Antes de ayer se cumplieron tres años desde la apertura en Madrid de la librería Los Editores. Prácticamente desde entonces me he sentido parte de la tripulación, aunque no fuera más que un grumete o un polizón. Y es que me empeño en utilizar la metáfora del barco para referirme a la librería hasta el punto absurdo en que me digo: Mario, qué pesao, para ya con lo de embarcarte, la tripulación, el velamen y demás historias. Para disculparme pienso que esa tontería mía algo tendrá que ver con el modo contradictorio en que suelo relacionarme conmigo mismo y con el grupo, siempre en esa cuerda floja que pende entre la soledad más absoluta y la necesidad de «hacer familia». Así que pensar en mis compañeras como en parte de una tripulación es una forma de unión, de no pensar en los términos burocráticos del trabajo temporal y, en su lugar, hacerlo en los de una empresa de gran envergadura, una misión, una aventura.
Este delirio sano me ha permitido incluso disfrutar de una compañera librera a la que no conozco, lo cual no quiere decir que no exista. En lugar de por un olor o por cierta temperatura de la piel, la idea que tengo de ella como parte indeleble de la tripulación se la debo a una foto de perfil de Facebook y a una mezcla de rumores y leyendas que la definen a la perfección, o eso creo yo, que no la conozco.
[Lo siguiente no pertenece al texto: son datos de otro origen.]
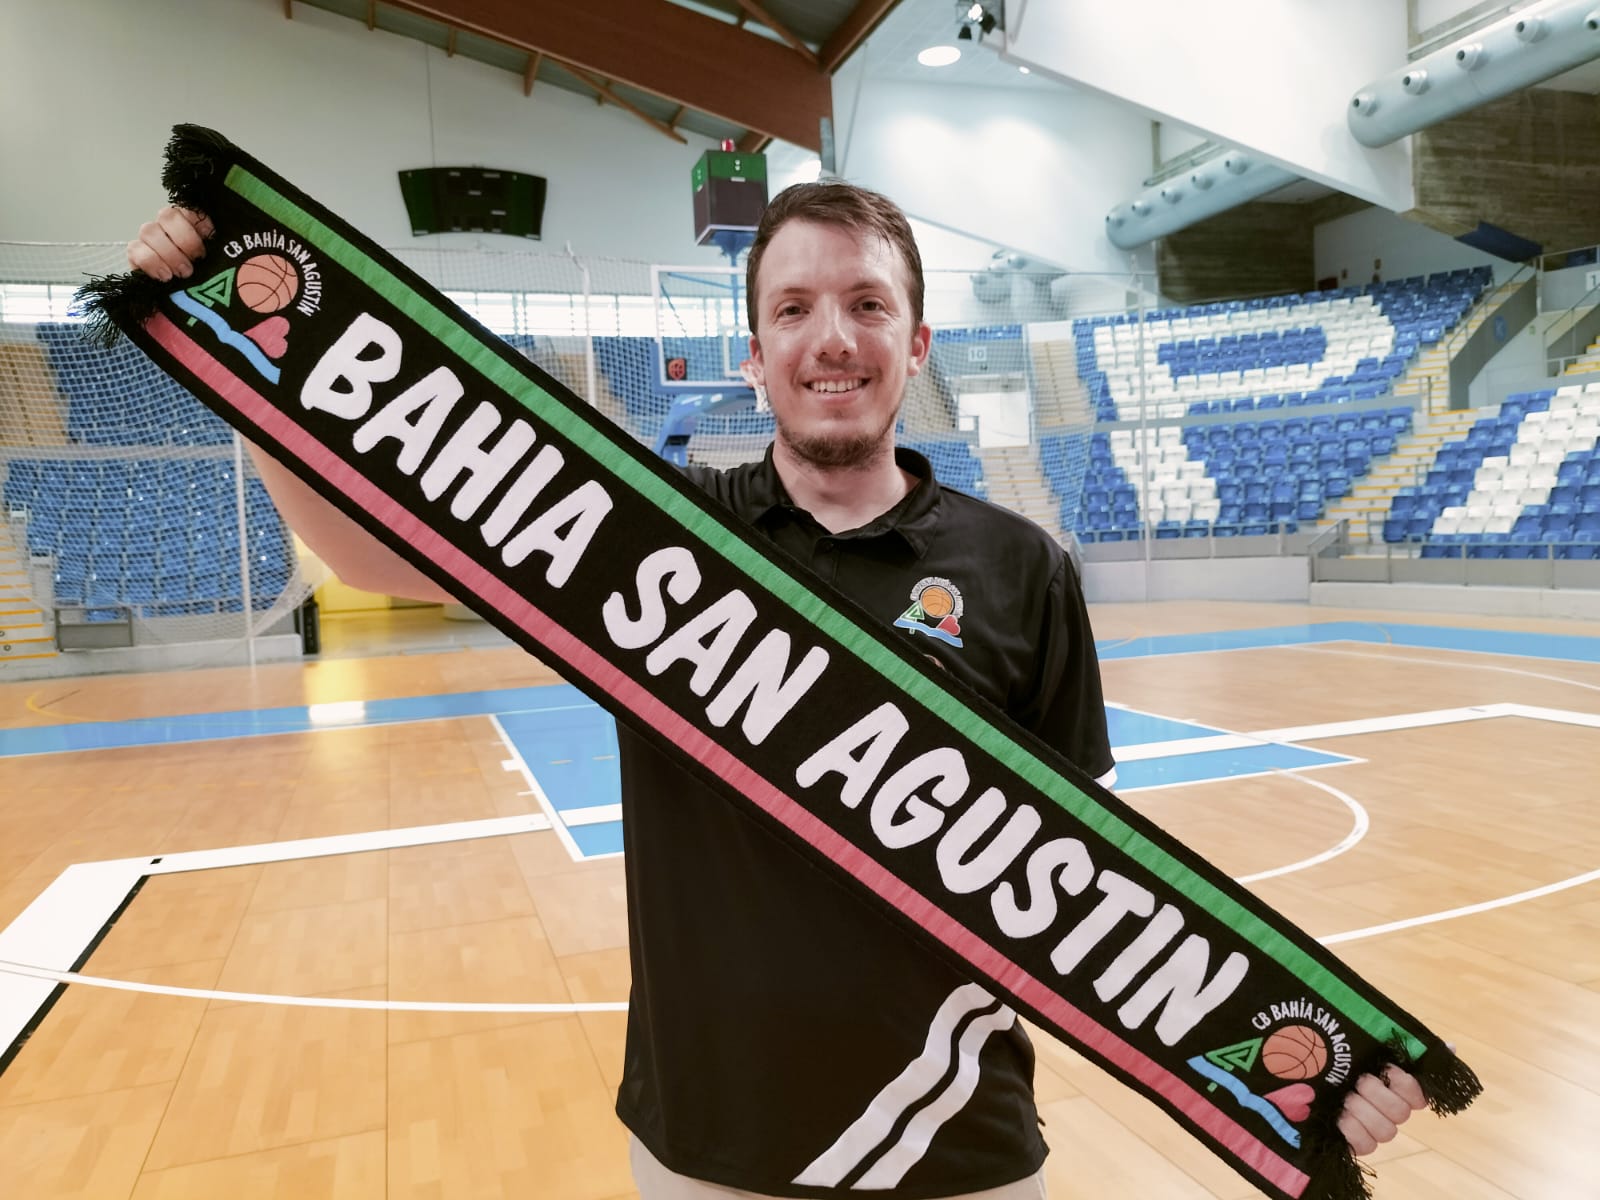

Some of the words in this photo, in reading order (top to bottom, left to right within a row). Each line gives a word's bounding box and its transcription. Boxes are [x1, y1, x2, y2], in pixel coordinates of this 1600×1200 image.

Por otra parte, ¿no es esa la manera en que conocemos a la mayoría de personas que creemos conocer? Una imagen y un anecdotario. En Los Editores tengo muchas imágenes y un anecdotario bastante generoso también.
Por eso no es tan raro que hable de un barco para referirme a la librería. Pienso ahora que esa idea la motivaron en un principio las escaleras de madera de la entrada, pero esas escaleras ya no están y lo que sigue alimentando la imagen del barco es la resistencia, su flotabilidad. Es el hecho de haber cumplido ya tres años lo que enciende mis ensueños de aventura, que el resto de la tripulación —he de decirlo— ha alimentado con igual capacidad de delirio, haciendo bailar sobre la cubierta de intemperie el buen humor, la música, el café, el cariño o la inteligencia. Hace unos días fui llamado a subir a bordo, pero tuve que decir que no. Solo he rechazado dos veces en mi vida subir a un barco, y cualquiera que haya nacido y crecido junto al Mediterráneo sabe lo difícil que es pronunciar ese no. Por suerte, uno no deja de ser marinero porque pase temporadas en tierra, igual que una librería no deja de ser un barco por más tripulantes que le falten.
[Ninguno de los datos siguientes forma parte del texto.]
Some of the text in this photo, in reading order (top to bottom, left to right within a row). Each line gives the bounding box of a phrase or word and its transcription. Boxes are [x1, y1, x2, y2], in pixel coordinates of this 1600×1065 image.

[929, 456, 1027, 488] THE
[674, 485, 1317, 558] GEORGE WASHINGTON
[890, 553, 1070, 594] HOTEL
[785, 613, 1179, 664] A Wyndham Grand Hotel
Yo las he visto desplegar las velas y sé que van a por el cuarto. No sé muy bien cómo lo hacen: levar el ancla, manejar el timón, mantener el orden, mirar al horizonte… Todo con muy pocas manos y siempre un poco a merced del viento. Ser librero no es siempre faenar en aguas tranquilas, aunque el mundo del libro sea para el lector común tan desconocido como las profundidades abisales del océano. Tres años navegando es mucho tiempo ya. Tanto, que es fácil imaginar que a veces la tripulación tenga ganas de abandonar la nave a la deriva y nadar hasta el puerto más cercano para emborracharse, pero, a pesar de lo que parece en las películas, abandonar un barco no es algo que se haga a la primera de cambio. Si no, Los Editores no habría cumplido tres años.
Antes de ayer lo celebraron, imagino que con ron, mariscos todavía vivos y alguna de ellas subida al mástil más alto para cantar una ranchera a voz en grito. Yo no pude estar en la fiesta y por eso lo celebro ahora, solo y en grupo. Cuando se dice que el ser humano es un animal social no se dice nunca que por un lado es animal y por el otro social, que las cosas no van tan juntas como quisiéramos. Pero estando solo y animal estas compañeras me invitaron a su sociedad secreta, y eso lo significa todo. Sería redundante agradecer aquí que esta tripulación me haya permitido faenar en sus aguas, tranquilas y revueltas a un tiempo. Sería inútil decir nada serio en un mensaje metido dentro de una botella que quién sabe dónde acabará. Pero no quiero seguir pensando ahora. Solo quiero celebrar, y que sople el viento.